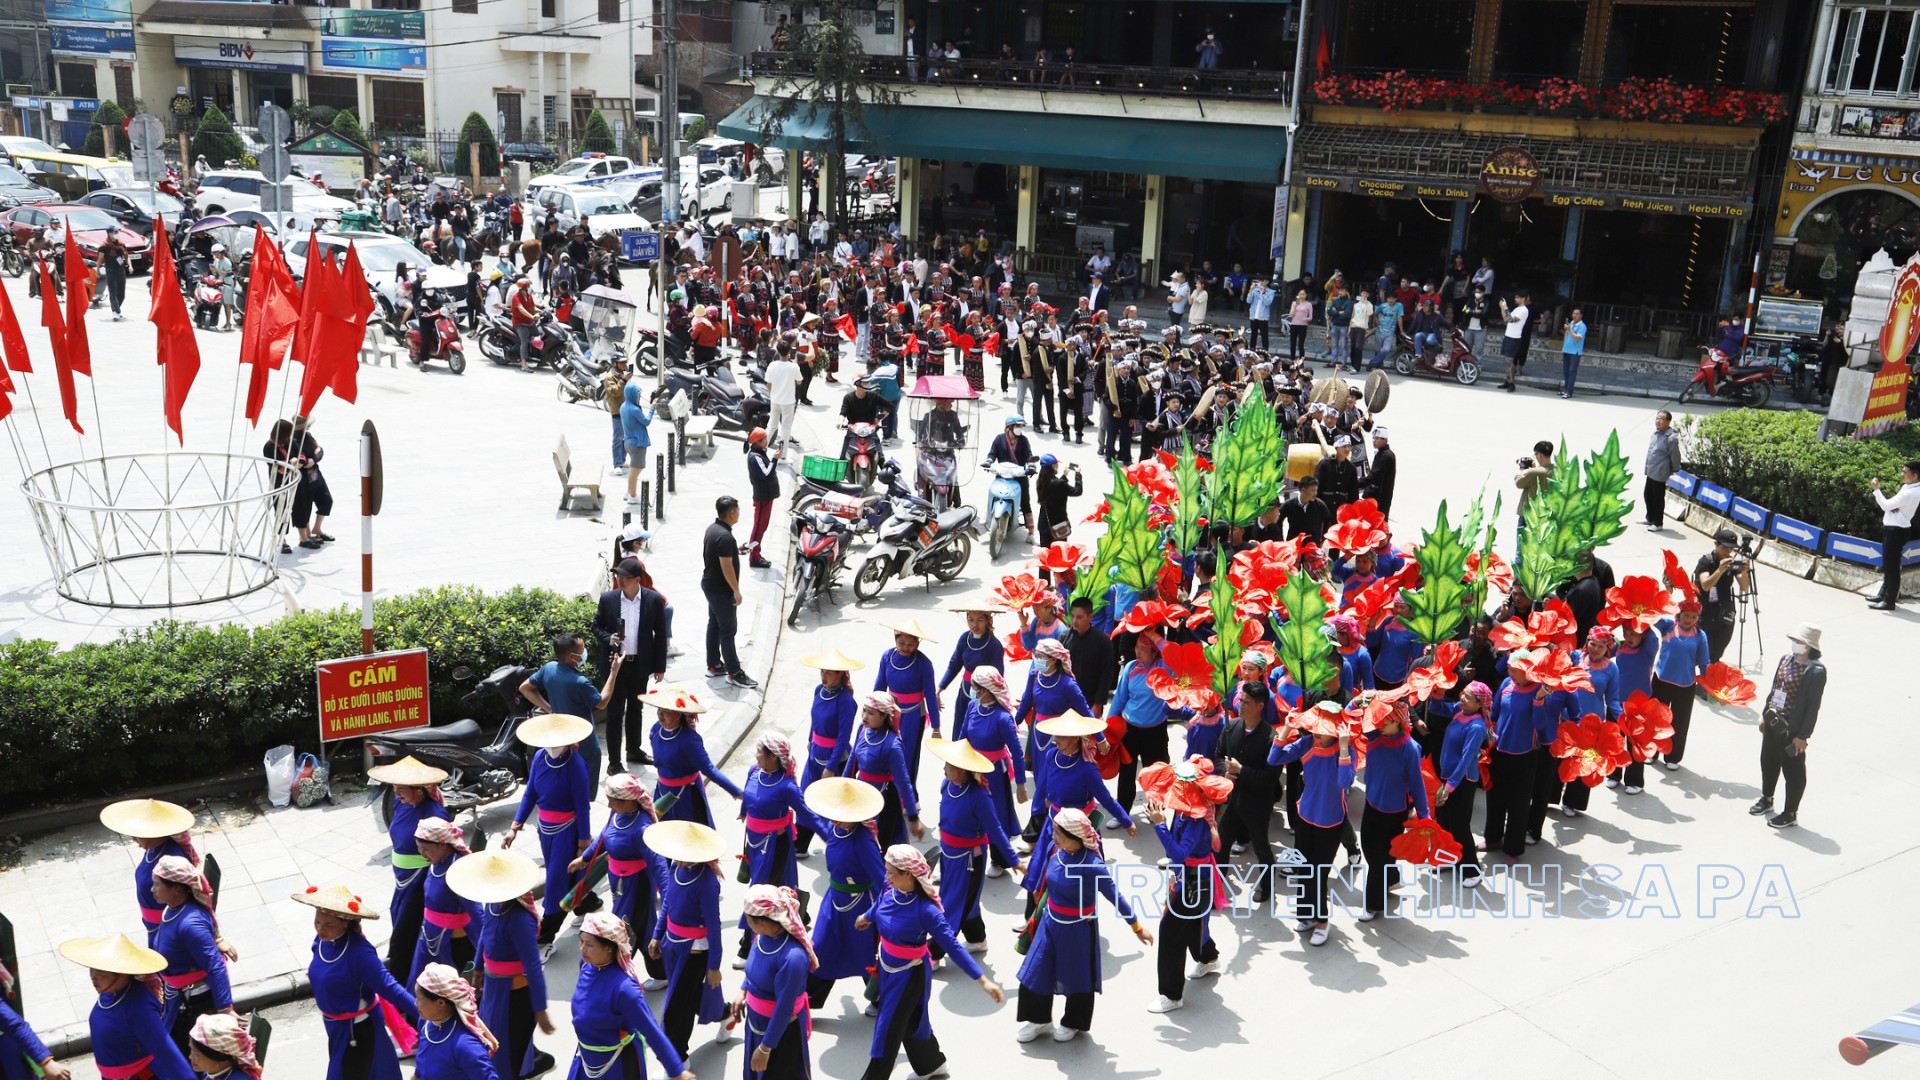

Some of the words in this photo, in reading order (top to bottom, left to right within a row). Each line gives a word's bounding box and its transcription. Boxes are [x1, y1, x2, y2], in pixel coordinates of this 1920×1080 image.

[219, 43, 243, 58] BIDV
[1482, 162, 1538, 178] Anise
[1306, 177, 1339, 189] Bakery
[1358, 180, 1405, 191] Chocolatier
[1789, 182, 1815, 192] Pizza
[1368, 189, 1394, 198] Cacao
[1445, 188, 1469, 198] Drinks
[1552, 195, 1570, 206] Egg
[1573, 196, 1605, 207] Coffee
[1622, 199, 1644, 210] Fresh
[1647, 201, 1674, 212] Juices
[1688, 204, 1721, 214] Herbal
[1725, 206, 1744, 216] Tea
[632, 246, 645, 256] XUÂN
[349, 662, 397, 688] CẤM
[338, 697, 349, 710] XE
[351, 691, 370, 707] DƯỚI
[372, 689, 393, 704] LÒNG
[395, 685, 423, 701] ĐƯỜNG
[331, 717, 341, 731] VÀ
[344, 714, 366, 730] HÀNH
[368, 711, 392, 726] LANG,
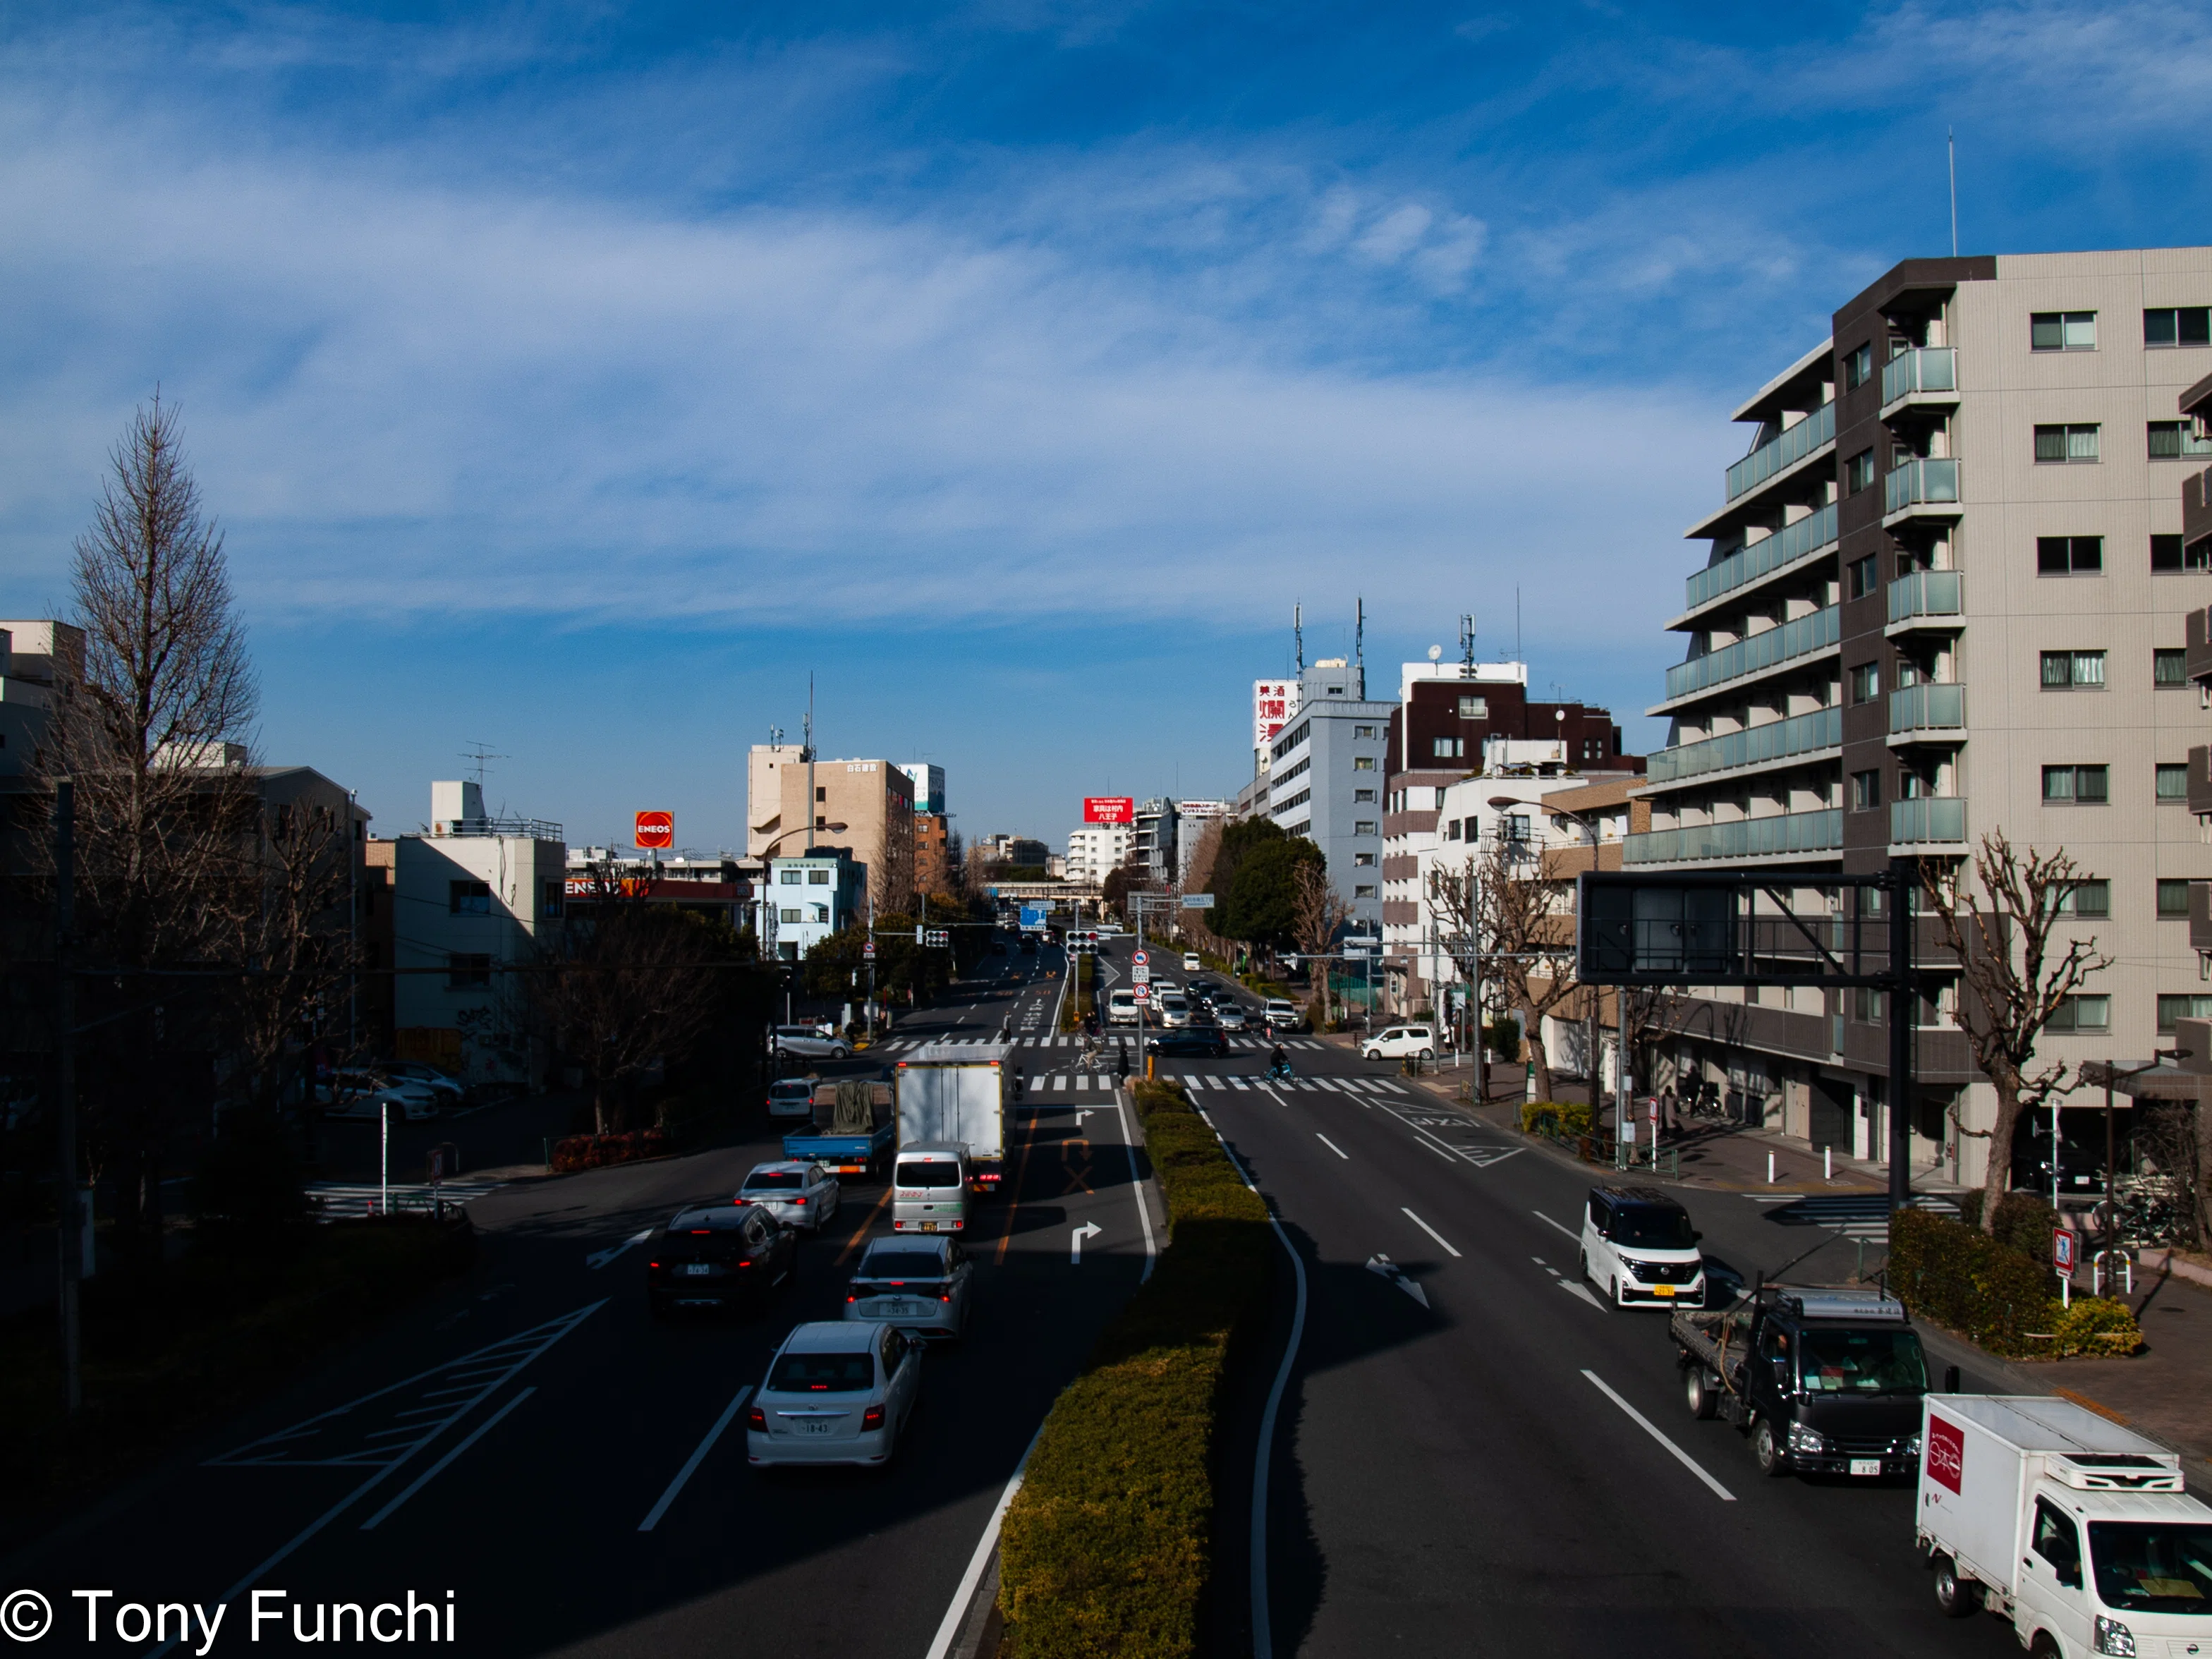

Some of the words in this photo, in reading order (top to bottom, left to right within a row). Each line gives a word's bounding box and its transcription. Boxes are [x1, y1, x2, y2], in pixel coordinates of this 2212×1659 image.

[1259, 685, 1285, 697] 美酒
[846, 763, 878, 773] 白石建設
[637, 825, 671, 834] ENEOS

# Exercise
Write out the records once more, exactly as they stand, with no images.

# Answer space
Some of the words in this photo, in reading order (top to bottom, left to right within a row). Each line gives a word's bounding box and its transcription. Boxes are [x1, y1, x2, y2], in pixel coordinates of this 1920×1080 image.

[219, 43, 243, 58] BIDV
[1482, 162, 1538, 178] Anise
[1306, 177, 1339, 189] Bakery
[1358, 180, 1405, 191] Chocolatier
[1789, 182, 1815, 192] Pizza
[1368, 189, 1394, 198] Cacao
[1445, 188, 1469, 198] Drinks
[1552, 195, 1570, 206] Egg
[1573, 196, 1605, 207] Coffee
[1622, 199, 1644, 210] Fresh
[1647, 201, 1674, 212] Juices
[1688, 204, 1721, 214] Herbal
[1725, 206, 1744, 216] Tea
[632, 246, 645, 256] XUÂN
[349, 662, 397, 688] CẤM
[338, 697, 349, 710] XE
[351, 691, 370, 707] DƯỚI
[372, 689, 393, 704] LÒNG
[395, 685, 423, 701] ĐƯỜNG
[331, 717, 341, 731] VÀ
[344, 714, 366, 730] HÀNH
[368, 711, 392, 726] LANG,

Some of the words in this photo, in reading order (top to bottom, left to right within a row). Each line gives a word's bounding box and its transcription. Boxes are [x1, y1, x2, y2], in pixel coordinates of this 2212×1659 image.

[1259, 685, 1285, 697] 美酒
[846, 763, 878, 773] 白石建設
[637, 825, 671, 834] ENEOS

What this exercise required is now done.